§ Your objective
Word for word, repeat the data; no picture should appear in the result.
:: Records ::
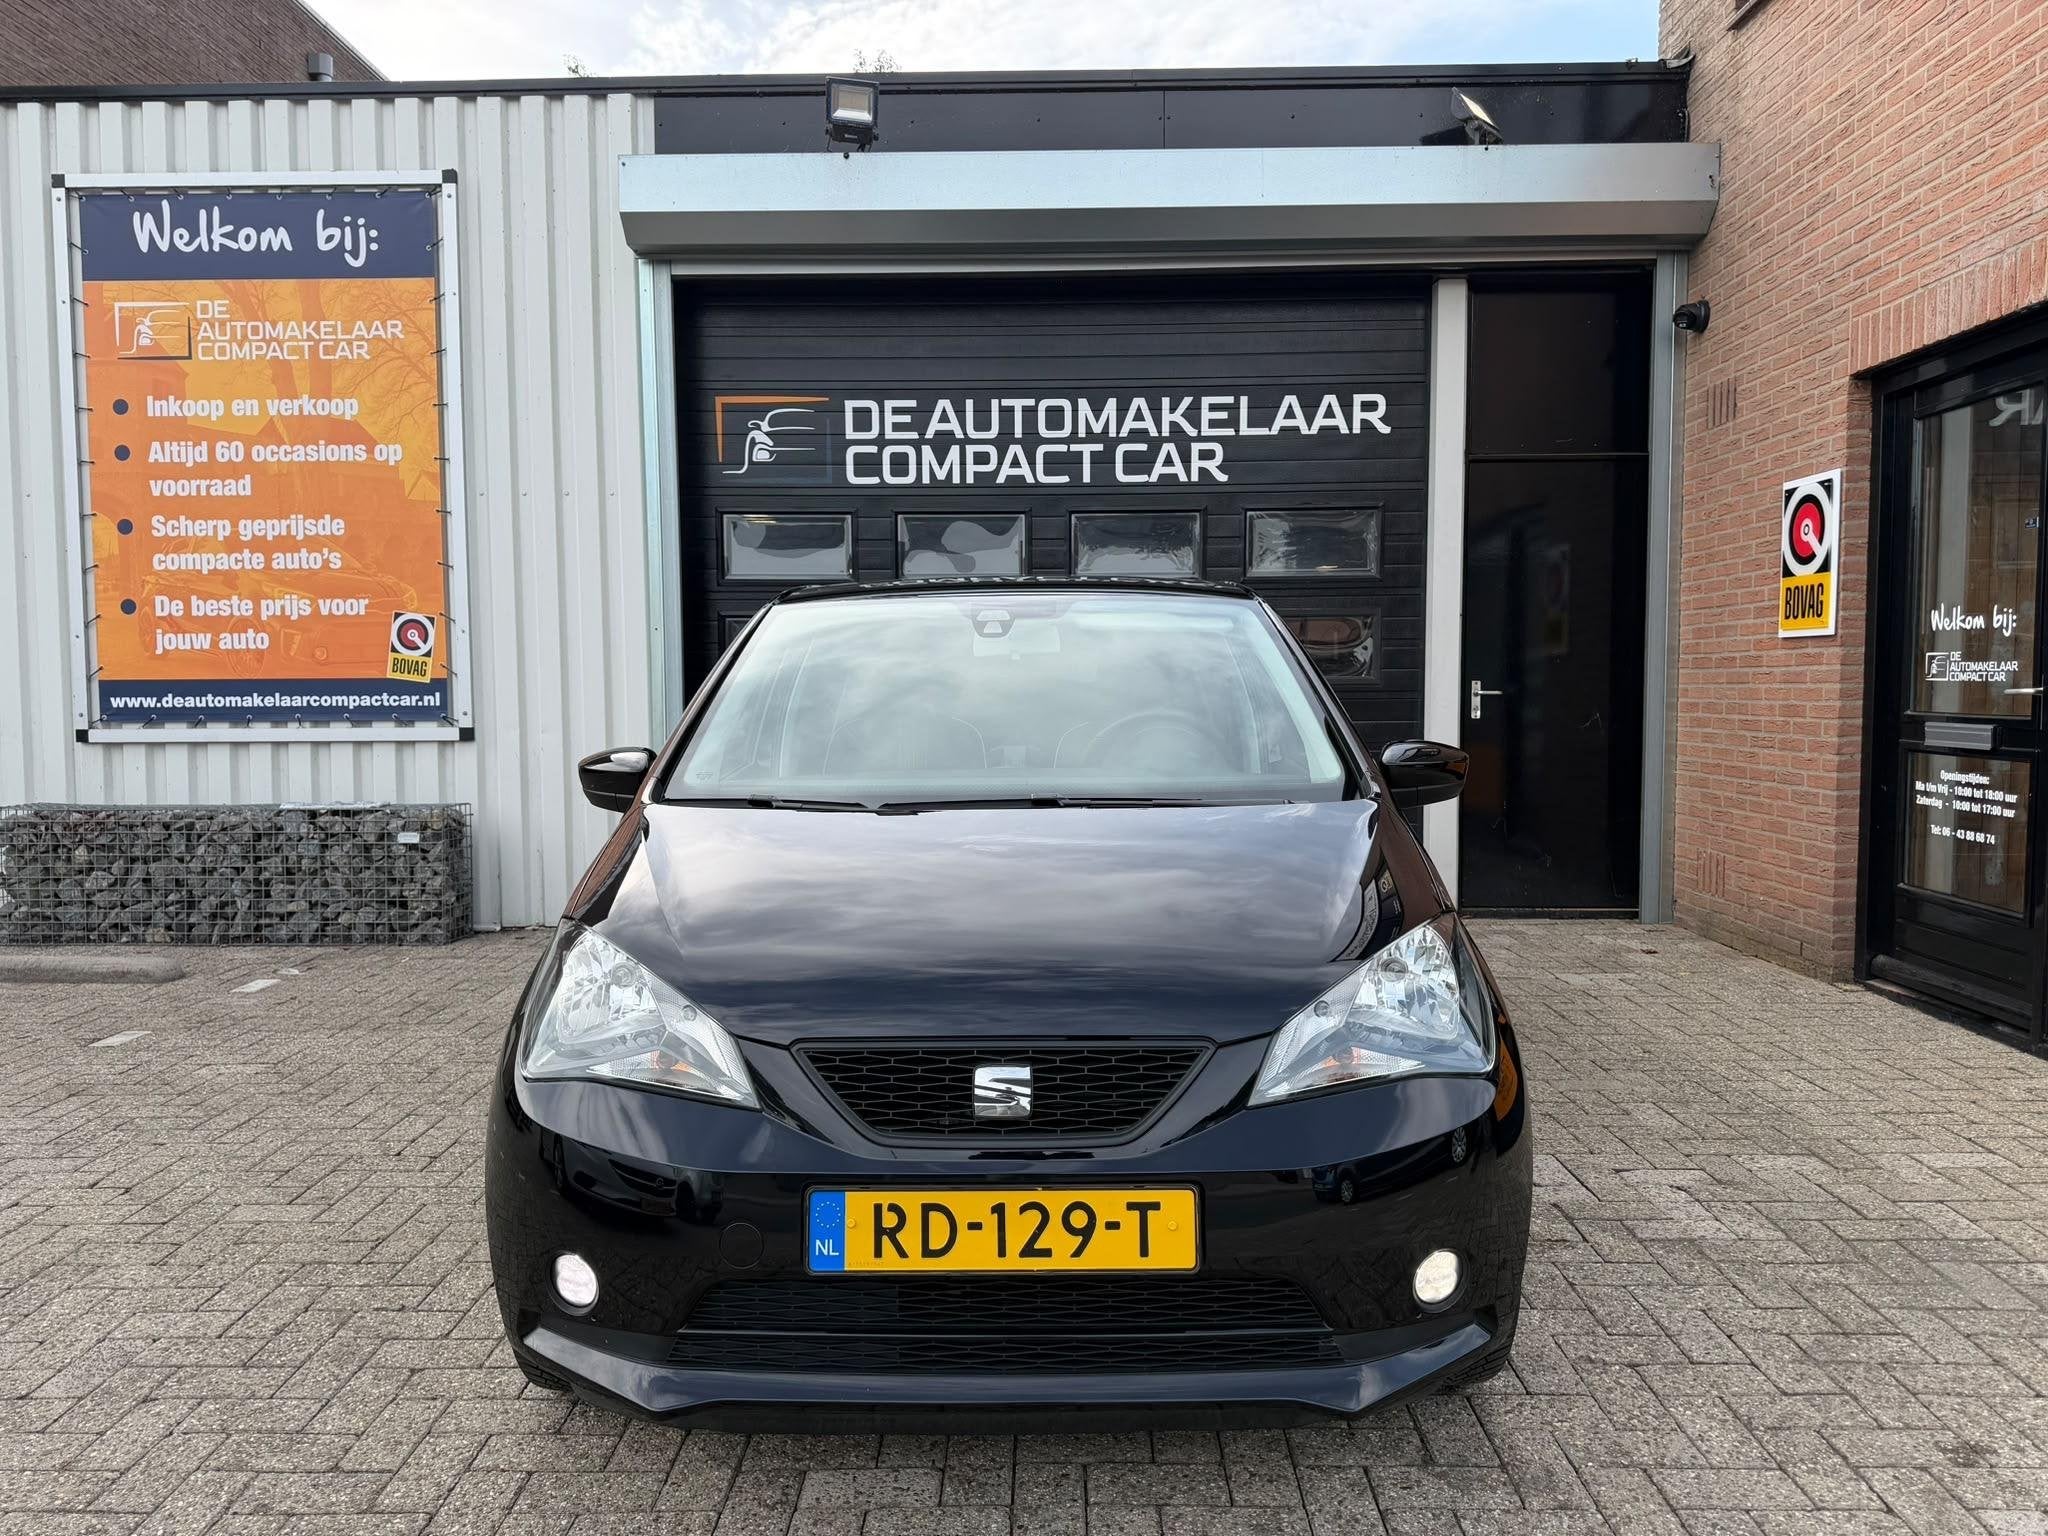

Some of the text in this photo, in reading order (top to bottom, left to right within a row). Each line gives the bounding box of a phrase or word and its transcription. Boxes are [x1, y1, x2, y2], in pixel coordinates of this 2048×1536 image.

[133, 200, 379, 268] Welkom bij:
[197, 300, 230, 319] DE
[197, 320, 405, 341] AUTOMAKELAAR
[198, 341, 370, 361] COMPACT CAR
[147, 395, 359, 421] Inkoop en verkoop
[844, 393, 1392, 441] DE AUTOMAKELAAR
[148, 441, 403, 468] Altijd 60 occasions op
[845, 441, 1229, 485] COMPACT CAR
[149, 475, 251, 497] voorraad
[151, 514, 346, 541] Scherp geprijsde
[152, 548, 342, 574] compacte auto's
[155, 595, 369, 621] De beste prijs voor
[1784, 582, 1824, 620] BOVAG
[1930, 602, 2017, 637] Welkom bij:
[155, 629, 270, 655] jouw auto
[391, 657, 428, 677] BOVAG
[1949, 661, 2018, 671] AUTOMAKELAAR
[1950, 651, 1962, 661] DE
[1949, 672, 2006, 682] COMPACT CAR
[110, 691, 441, 710] www.deautomakelaarcompactcar.nl
[1940, 769, 1990, 785] Openingstijden:
[1915, 781, 1925, 791] Ma
[1973, 788, 1983, 799] tot
[2005, 794, 2018, 803] uur
[1916, 795, 1943, 809] Zaterdag
[1971, 802, 1981, 813] tot
[1983, 804, 2001, 816] 17:00
[2002, 808, 2016, 818] uur
[1956, 829, 1965, 840] 43
[1986, 834, 1995, 845] 74
[873, 1200, 1161, 1259] RD-129-T
[815, 1239, 839, 1256] NL
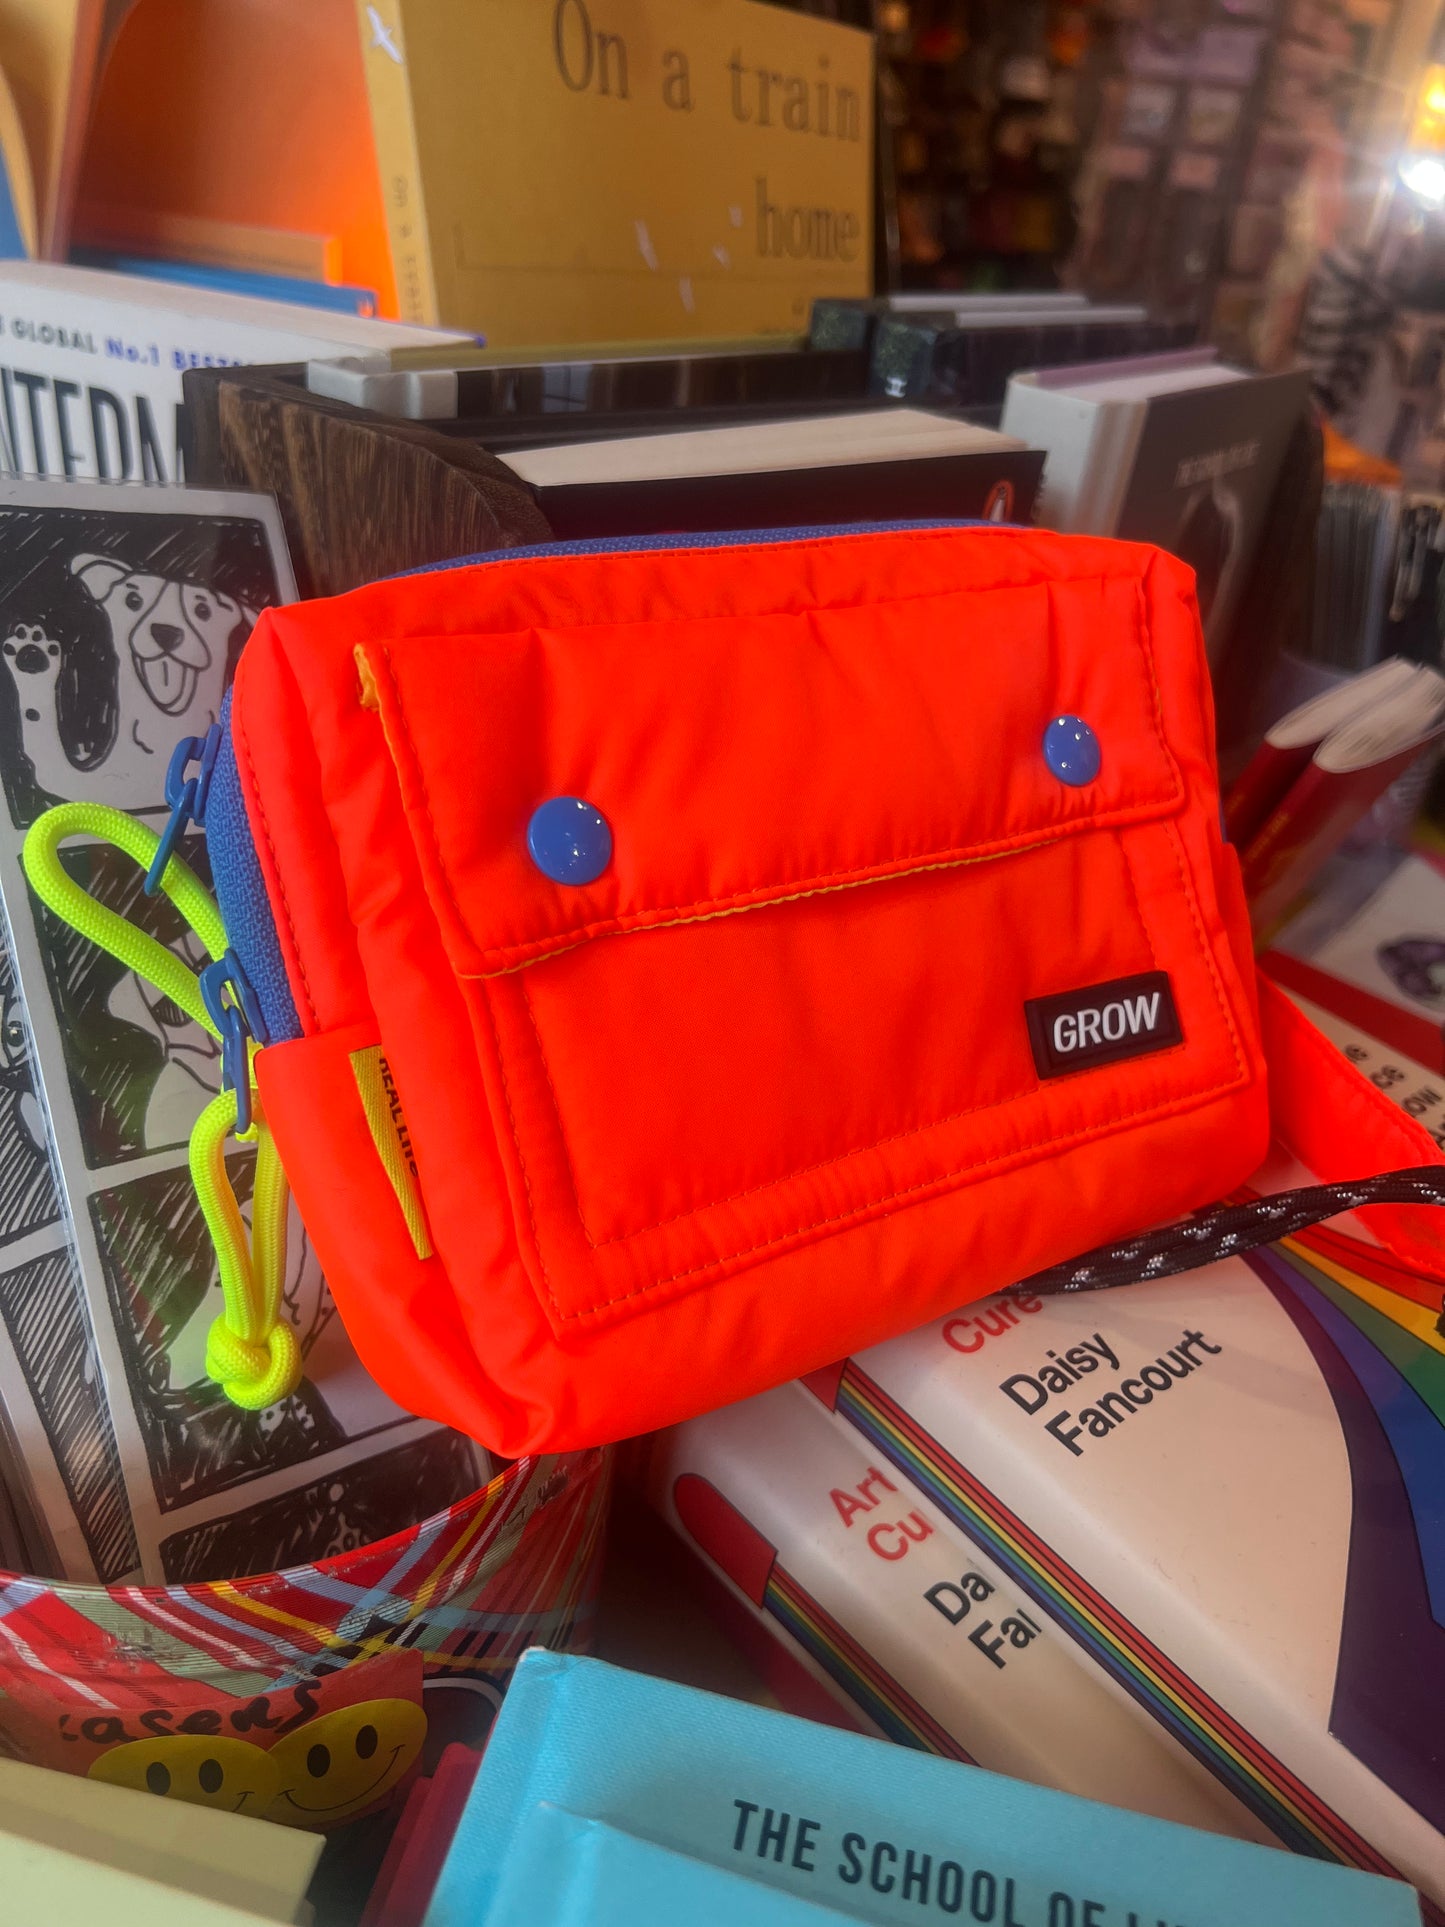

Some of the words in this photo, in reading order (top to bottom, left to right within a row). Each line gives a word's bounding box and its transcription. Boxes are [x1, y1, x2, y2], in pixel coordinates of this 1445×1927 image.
:::
§ Response below
Some of the text in this photo, in reading order (top to bottom, left to right within a row). Each line gives the bounding box of a phrase or word and its transcription. Boxes are [x1, y1, x2, y2], in pixel coordinates of this 2048×1536 image.

[133, 200, 379, 268] Welkom bij:
[197, 300, 230, 319] DE
[197, 320, 405, 341] AUTOMAKELAAR
[198, 341, 370, 361] COMPACT CAR
[147, 395, 359, 421] Inkoop en verkoop
[844, 393, 1392, 441] DE AUTOMAKELAAR
[148, 441, 403, 468] Altijd 60 occasions op
[845, 441, 1229, 485] COMPACT CAR
[149, 475, 251, 497] voorraad
[151, 514, 346, 541] Scherp geprijsde
[152, 548, 342, 574] compacte auto's
[155, 595, 369, 621] De beste prijs voor
[1784, 582, 1824, 620] BOVAG
[1930, 602, 2017, 637] Welkom bij:
[155, 629, 270, 655] jouw auto
[391, 657, 428, 677] BOVAG
[1949, 661, 2018, 671] AUTOMAKELAAR
[1950, 651, 1962, 661] DE
[1949, 672, 2006, 682] COMPACT CAR
[110, 691, 441, 710] www.deautomakelaarcompactcar.nl
[1940, 769, 1990, 785] Openingstijden:
[1915, 781, 1925, 791] Ma
[1973, 788, 1983, 799] tot
[2005, 794, 2018, 803] uur
[1916, 795, 1943, 809] Zaterdag
[1971, 802, 1981, 813] tot
[1983, 804, 2001, 816] 17:00
[2002, 808, 2016, 818] uur
[1956, 829, 1965, 840] 43
[1986, 834, 1995, 845] 74
[873, 1200, 1161, 1259] RD-129-T
[815, 1239, 839, 1256] NL

Some of the words in this photo, in reading order (top to bottom, left to right within a row). Each line gives a word's bounding box and its transcription. Boxes are [x1, y1, x2, y2], in pixel coordinates of this 1445×1927 image.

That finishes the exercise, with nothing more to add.